Dossier | publié le : 01.09.2007 | S. G.

La réforme de 2004 a certes redoré le blason des responsables de formation. Mais ils regrettent la lourdeur de sa mise en œuvre et son caractère normatif.

Si vous connaissez un responsable de formation qui a consommé son stock de DIF, je l’embauche tout de suite ! » soupire Jean-Luc Masset, DRH des hypermarchés Carrefour (78 000 collaborateurs). Les vingt heures annuelles de droit individuel à la formation ont fait figure d’épouvantail après la signature de l’accord interprofessionnel de décembre 2003 et le vote de la loi de mai 2004 sur la formation tout au long de la vie. Elles continuent à cristalliser une bonne part des critiques formulées à son encontre. « Dans une entreprise qui consacre 7,5 % de sa masse salariale à la formation et dont 87 % des salariés bénéficient d’au moins une formation chaque année, je ne vois pas l’intérêt d’un tel dispositif, plaide François-Xavier Lemaire, directeur de la formation d’Axa France. Je comprends qu’il ait semblé nécessaire de donner accès à la formation à des salariés, dans les PME notamment, qui en étaient privés. Mais la réforme me semble beaucoup trop normative compte tenu de l’hétérogénéité des situations. »

Complexité juridique. Autre critique récurrente chez les directeurs de la formation : la lourdeur administrative de la mise en œuvre de la réforme. C’est l’un des messages qu’a souhaité faire passer Monique Benaily, présidente du Groupement des acteurs et responsables de formation (Garf), lors de son audition, en mai dernier, par la mission sénatoriale d’information sur les dispositifs de formation professionnelle. « La réforme a généré un grand nombre de contraintes nouvelles.
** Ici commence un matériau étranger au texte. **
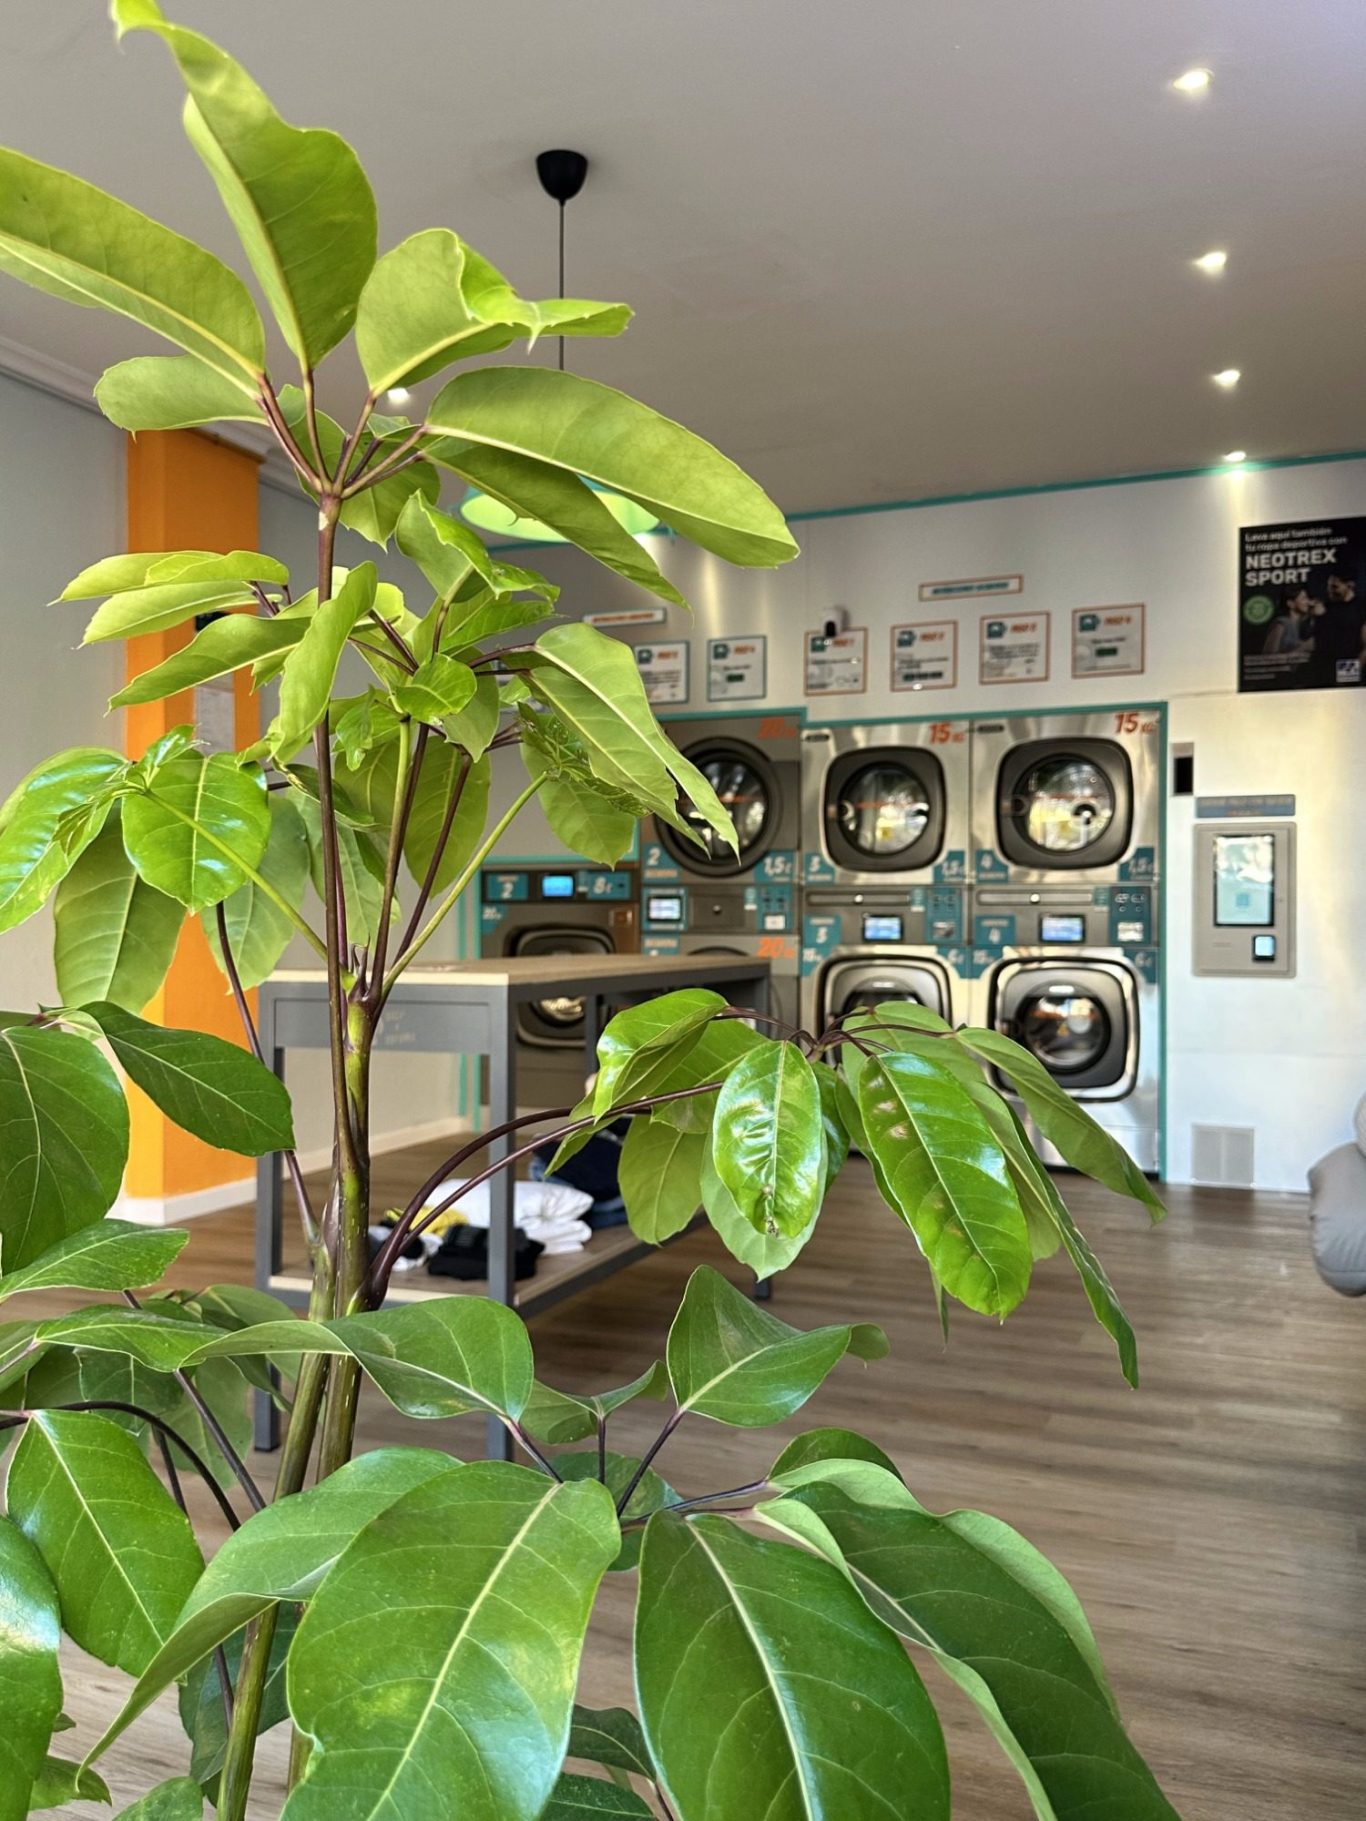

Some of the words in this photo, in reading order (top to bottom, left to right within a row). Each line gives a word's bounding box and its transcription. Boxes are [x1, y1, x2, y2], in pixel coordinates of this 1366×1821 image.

Il a ainsi fallu créer de nouveaux systèmes d’information pour gérer les plans de formation et les DIF. » À cette lourdeur administrative s’ajoute la complexité juridique : « Avec un cadre réglementaire aussi complexe et mouvant, on a souvent l’impression d’avoir besoin d’un juriste pour s’en sortir », poursuit-elle. Sans parler des contraintes financières : à Carrefour, la mise en œuvre de la réforme s’est traduite par une augmentation d’un point du budget de formation (passé en 2007 de 3 % à 4 % de la masse salariale).

D’une manière générale, « les responsables de la formation ont eu pour consigne de rester à iso-budget », explique Monique Benaily. Solutions possibles : jouer aux vases communicants en reversant les vingt heures annuelles de DIF dans le plan de formation. Ou recourir à toutes les aides possibles (Opca, Fongecif, aides régionales ou européennes…). « La réforme nous a amenés à explorer toutes les dimensions de notre métier : la pédagogie et l’ingénierie de formation, bien sûr, mais aussi l’ingénierie financière, les systèmes d’information, la sécurité juridique… »
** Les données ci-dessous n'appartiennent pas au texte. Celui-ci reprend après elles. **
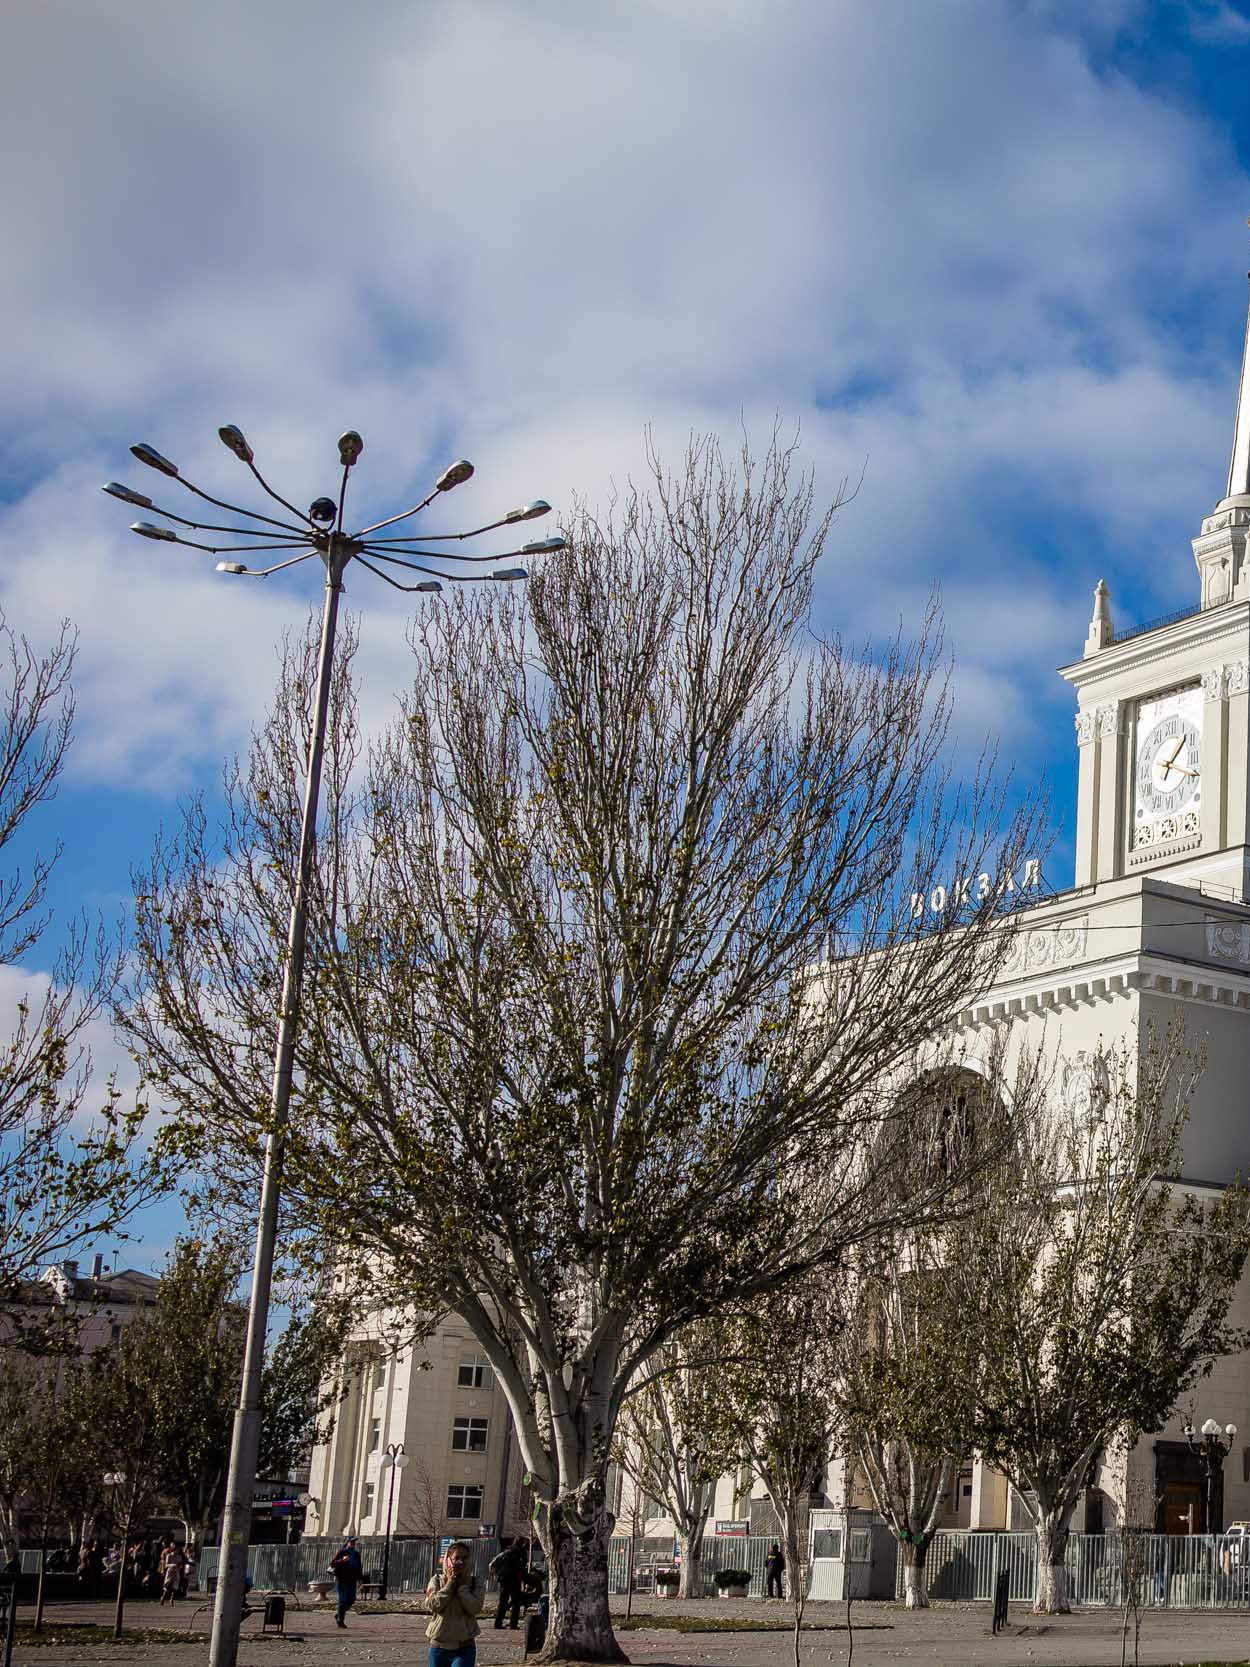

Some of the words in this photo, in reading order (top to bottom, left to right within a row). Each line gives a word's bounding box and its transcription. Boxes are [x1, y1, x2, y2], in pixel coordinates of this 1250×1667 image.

[1166, 719, 1176, 737] XII
[1153, 728, 1161, 745] XI
[1189, 733, 1195, 746] II
[1145, 746, 1150, 760] X
[1190, 750, 1198, 765] III
[1141, 764, 1149, 780] IX
[1179, 786, 1184, 800] V
[1153, 795, 1161, 809] VII
[1166, 795, 1173, 809] VI
Organisation bousculée. Cette nouvelle donne est d’autant plus difficile à gérer qu’elle bouscule l’organisation des entreprises : « La frontière entre les services RH et formation s’est redessinée, poursuit Monique Benaily. Le contrat de professionnalisation en est la meilleure illustration : relève-t-il de la DRH ou de la direction de la formation ? » Déjà largement occupés par le management des talents et l’optimisation des coûts salariaux, les DRH ont eu tendance à faire porter la réforme à leurs responsables de formation. François-Xavier Lemaire, le directeur de la formation d’Axa France, s’en félicite : « La réforme a replacé la formation au cœur de la vie économique et politique. On commence enfin à parler formation lors des comités de direction. » Compte tenu des implications financières de la réforme, « les responsables de formation ont maintenant l’oreille de leur direction générale, confirme Stéphane Diebold, responsable des relations extérieures du Garf. Leur défi est de faire évoluer le rapport des entreprises à la formation et de transformer leur service en centre de profit interne, dont l’impact, en termes de création de valeur, peut être évalué ».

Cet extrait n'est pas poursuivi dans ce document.